(Spatial localization data)
*** Begin section ***

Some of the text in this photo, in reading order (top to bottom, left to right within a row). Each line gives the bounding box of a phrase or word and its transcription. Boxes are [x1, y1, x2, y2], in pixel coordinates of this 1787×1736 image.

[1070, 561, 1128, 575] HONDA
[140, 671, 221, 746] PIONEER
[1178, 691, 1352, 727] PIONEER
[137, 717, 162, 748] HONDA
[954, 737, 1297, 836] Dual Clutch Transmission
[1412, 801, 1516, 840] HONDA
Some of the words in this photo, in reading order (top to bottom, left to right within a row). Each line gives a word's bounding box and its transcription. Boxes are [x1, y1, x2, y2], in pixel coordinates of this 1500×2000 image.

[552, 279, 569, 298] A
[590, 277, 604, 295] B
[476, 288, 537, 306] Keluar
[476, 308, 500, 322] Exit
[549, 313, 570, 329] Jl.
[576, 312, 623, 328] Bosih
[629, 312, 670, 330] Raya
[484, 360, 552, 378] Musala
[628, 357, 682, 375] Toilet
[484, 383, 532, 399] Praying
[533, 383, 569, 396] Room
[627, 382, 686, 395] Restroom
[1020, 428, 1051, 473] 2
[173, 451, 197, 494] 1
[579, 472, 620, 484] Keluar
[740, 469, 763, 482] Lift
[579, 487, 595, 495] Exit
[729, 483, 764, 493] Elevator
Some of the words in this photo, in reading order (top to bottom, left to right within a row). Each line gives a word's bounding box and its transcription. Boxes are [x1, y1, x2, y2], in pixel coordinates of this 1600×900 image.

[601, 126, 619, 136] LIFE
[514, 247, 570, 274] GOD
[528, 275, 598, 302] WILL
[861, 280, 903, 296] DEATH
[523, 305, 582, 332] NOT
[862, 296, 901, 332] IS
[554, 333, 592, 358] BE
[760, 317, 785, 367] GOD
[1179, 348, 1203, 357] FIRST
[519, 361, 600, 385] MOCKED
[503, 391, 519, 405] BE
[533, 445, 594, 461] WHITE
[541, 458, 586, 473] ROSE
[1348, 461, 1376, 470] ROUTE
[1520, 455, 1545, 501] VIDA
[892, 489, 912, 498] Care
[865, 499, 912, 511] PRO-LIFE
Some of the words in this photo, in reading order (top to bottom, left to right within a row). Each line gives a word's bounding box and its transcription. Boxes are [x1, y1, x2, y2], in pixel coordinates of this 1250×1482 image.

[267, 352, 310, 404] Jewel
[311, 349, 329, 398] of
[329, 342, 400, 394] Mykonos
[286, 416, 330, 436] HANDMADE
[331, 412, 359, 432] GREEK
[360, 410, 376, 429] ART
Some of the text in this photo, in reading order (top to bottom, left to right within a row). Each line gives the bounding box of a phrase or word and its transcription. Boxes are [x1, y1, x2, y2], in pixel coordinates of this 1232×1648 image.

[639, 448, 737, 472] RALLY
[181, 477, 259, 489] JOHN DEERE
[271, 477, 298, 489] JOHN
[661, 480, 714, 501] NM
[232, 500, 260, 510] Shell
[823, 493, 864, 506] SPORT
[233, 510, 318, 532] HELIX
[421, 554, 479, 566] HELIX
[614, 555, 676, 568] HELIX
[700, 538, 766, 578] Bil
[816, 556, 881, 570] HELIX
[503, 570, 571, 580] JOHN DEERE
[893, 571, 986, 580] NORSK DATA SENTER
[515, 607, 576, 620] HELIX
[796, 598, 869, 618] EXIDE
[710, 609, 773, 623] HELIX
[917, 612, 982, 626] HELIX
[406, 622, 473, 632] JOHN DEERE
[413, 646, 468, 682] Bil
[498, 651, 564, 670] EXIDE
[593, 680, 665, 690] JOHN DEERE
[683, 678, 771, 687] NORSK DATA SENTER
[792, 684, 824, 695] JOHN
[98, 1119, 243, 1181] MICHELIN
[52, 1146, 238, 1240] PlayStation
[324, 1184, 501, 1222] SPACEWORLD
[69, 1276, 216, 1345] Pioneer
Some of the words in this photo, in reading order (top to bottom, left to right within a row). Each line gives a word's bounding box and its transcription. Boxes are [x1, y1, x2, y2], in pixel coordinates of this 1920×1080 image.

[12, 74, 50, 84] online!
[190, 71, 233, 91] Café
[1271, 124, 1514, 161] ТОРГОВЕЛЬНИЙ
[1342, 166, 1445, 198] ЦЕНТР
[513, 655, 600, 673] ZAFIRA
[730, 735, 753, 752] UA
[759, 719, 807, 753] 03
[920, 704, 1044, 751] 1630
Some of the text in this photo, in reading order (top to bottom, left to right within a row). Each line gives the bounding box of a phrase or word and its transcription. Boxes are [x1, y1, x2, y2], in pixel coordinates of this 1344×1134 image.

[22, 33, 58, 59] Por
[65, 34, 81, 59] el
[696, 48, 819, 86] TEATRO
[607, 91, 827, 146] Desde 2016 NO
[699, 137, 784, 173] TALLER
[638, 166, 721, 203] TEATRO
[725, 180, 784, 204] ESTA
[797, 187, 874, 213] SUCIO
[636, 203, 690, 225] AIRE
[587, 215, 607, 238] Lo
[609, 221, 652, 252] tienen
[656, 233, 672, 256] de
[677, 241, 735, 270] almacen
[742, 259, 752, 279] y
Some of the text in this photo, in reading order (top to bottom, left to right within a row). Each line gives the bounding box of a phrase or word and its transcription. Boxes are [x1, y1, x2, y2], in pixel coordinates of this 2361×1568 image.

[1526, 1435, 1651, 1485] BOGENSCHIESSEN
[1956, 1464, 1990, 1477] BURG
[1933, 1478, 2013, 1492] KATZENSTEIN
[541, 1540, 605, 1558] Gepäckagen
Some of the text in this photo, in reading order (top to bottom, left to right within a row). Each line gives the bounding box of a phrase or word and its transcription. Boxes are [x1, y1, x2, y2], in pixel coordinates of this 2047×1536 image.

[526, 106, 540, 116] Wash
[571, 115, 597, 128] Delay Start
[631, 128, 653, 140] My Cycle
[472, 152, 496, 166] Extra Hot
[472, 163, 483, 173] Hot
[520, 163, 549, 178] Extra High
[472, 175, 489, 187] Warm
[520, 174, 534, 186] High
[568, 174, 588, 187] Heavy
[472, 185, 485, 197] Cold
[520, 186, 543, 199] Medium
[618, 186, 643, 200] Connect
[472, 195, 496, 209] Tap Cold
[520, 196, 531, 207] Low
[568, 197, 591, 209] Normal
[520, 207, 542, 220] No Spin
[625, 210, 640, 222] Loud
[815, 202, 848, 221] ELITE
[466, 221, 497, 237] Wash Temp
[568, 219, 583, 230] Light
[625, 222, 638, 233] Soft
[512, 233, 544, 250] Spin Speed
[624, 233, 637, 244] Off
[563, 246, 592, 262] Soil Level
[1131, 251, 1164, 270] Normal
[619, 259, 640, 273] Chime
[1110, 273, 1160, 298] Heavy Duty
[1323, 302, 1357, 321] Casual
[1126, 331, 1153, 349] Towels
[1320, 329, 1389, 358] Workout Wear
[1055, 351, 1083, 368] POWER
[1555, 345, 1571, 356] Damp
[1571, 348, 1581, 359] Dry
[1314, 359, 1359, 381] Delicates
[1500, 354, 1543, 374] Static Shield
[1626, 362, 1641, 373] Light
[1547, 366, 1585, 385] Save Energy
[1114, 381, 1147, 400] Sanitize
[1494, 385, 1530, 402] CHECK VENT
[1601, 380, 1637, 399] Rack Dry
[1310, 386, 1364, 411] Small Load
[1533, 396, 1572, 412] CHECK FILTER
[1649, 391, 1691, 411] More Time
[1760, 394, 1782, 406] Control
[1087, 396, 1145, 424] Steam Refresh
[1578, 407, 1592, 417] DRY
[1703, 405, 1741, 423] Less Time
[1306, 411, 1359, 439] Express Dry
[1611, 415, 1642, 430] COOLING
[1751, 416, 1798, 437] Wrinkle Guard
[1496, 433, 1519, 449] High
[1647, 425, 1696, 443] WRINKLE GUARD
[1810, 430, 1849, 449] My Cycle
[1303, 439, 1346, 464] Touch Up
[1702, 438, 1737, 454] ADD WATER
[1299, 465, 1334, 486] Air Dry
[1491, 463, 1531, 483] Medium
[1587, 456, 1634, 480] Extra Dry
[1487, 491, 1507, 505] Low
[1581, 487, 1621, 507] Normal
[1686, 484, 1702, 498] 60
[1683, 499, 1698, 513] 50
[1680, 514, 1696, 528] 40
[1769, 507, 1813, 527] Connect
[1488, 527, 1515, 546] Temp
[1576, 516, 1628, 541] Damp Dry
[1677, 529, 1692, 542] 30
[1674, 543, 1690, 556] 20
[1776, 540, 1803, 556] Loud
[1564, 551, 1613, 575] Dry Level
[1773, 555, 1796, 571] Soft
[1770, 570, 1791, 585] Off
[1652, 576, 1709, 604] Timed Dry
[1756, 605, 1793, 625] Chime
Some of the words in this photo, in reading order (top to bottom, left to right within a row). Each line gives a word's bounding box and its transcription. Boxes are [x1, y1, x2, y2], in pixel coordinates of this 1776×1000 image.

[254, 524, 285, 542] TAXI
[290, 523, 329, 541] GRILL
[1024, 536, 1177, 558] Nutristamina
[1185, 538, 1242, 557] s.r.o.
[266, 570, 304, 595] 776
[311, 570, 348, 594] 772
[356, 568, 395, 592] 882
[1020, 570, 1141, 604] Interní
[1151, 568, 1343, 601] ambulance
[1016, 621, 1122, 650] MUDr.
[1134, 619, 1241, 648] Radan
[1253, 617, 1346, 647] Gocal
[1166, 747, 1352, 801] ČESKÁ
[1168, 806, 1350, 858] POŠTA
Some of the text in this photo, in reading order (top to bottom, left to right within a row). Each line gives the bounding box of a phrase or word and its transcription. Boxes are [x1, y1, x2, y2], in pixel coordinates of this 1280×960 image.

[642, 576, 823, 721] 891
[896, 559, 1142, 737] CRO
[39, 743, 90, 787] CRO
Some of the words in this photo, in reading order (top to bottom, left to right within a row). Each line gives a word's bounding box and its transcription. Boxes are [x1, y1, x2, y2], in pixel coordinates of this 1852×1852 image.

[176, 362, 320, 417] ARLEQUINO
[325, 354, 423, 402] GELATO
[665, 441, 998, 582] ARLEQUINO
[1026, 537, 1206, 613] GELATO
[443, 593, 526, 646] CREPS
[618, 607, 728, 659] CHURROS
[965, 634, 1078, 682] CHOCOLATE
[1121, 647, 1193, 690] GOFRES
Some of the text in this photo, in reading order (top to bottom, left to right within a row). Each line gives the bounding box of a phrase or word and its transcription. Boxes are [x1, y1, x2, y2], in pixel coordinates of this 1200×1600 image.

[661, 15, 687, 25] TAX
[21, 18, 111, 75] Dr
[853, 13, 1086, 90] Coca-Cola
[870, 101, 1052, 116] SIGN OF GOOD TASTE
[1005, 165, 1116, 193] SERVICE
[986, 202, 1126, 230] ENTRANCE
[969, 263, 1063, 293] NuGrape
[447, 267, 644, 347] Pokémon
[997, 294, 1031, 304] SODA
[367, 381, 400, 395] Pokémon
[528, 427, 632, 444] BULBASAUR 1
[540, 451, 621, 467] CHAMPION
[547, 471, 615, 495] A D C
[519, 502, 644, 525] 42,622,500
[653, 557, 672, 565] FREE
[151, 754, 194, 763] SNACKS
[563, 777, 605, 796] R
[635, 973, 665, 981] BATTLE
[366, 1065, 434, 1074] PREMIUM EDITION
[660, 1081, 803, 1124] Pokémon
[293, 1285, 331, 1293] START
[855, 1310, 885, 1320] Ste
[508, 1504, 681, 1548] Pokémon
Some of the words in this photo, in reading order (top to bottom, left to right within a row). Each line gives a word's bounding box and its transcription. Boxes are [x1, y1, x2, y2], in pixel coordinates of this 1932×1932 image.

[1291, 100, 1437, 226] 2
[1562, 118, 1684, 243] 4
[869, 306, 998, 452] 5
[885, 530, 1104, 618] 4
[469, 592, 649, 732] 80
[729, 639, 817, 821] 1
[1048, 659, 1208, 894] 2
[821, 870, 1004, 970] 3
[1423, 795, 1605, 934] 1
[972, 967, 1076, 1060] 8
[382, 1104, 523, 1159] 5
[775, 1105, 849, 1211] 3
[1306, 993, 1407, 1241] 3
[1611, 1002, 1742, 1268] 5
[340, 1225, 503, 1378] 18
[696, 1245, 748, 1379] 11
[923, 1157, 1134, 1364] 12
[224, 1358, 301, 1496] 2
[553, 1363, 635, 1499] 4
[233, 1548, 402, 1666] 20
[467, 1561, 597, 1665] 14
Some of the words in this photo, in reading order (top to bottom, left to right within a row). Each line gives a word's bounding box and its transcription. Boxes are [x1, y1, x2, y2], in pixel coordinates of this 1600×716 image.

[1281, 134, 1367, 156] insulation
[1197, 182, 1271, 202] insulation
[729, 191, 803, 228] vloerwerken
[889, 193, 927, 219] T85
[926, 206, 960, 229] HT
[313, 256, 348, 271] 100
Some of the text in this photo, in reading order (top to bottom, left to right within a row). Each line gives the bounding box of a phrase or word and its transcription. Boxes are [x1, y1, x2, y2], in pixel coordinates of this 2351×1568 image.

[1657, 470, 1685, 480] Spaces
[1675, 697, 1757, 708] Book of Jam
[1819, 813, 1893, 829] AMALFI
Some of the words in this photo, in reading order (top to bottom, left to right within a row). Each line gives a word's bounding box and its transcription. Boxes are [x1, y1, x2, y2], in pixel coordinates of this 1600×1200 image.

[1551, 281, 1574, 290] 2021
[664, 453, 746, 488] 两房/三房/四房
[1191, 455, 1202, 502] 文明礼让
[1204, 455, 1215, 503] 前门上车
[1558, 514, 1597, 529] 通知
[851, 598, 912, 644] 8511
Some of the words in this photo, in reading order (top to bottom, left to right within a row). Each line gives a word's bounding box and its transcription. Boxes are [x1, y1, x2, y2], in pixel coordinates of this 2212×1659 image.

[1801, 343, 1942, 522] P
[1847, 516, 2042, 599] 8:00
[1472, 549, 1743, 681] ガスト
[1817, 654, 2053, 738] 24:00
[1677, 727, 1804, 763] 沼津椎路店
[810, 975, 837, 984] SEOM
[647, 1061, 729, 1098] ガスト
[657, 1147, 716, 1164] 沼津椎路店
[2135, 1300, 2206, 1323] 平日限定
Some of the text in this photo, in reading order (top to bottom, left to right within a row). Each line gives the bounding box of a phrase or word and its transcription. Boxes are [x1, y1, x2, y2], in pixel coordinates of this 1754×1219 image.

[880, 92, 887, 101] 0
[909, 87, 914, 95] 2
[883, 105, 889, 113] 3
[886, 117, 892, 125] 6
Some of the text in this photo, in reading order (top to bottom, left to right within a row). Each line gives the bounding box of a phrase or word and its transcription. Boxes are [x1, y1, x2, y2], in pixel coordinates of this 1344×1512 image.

*** End section ***

(Your goal) Repeat only the stretch of lines starting at the one containing "this 1754×1219 image." and running to the final line of the entries above.

(Final answer)
Some of the text in this photo, in reading order (top to bottom, left to right within a row). Each line gives the bounding box of a phrase or word and its transcription. Boxes are [x1, y1, x2, y2], in pixel coordinates of this 1754×1219 image.

[880, 92, 887, 101] 0
[909, 87, 914, 95] 2
[883, 105, 889, 113] 3
[886, 117, 892, 125] 6
Some of the text in this photo, in reading order (top to bottom, left to right within a row). Each line gives the bounding box of a phrase or word and its transcription. Boxes are [x1, y1, x2, y2], in pixel coordinates of this 1344×1512 image.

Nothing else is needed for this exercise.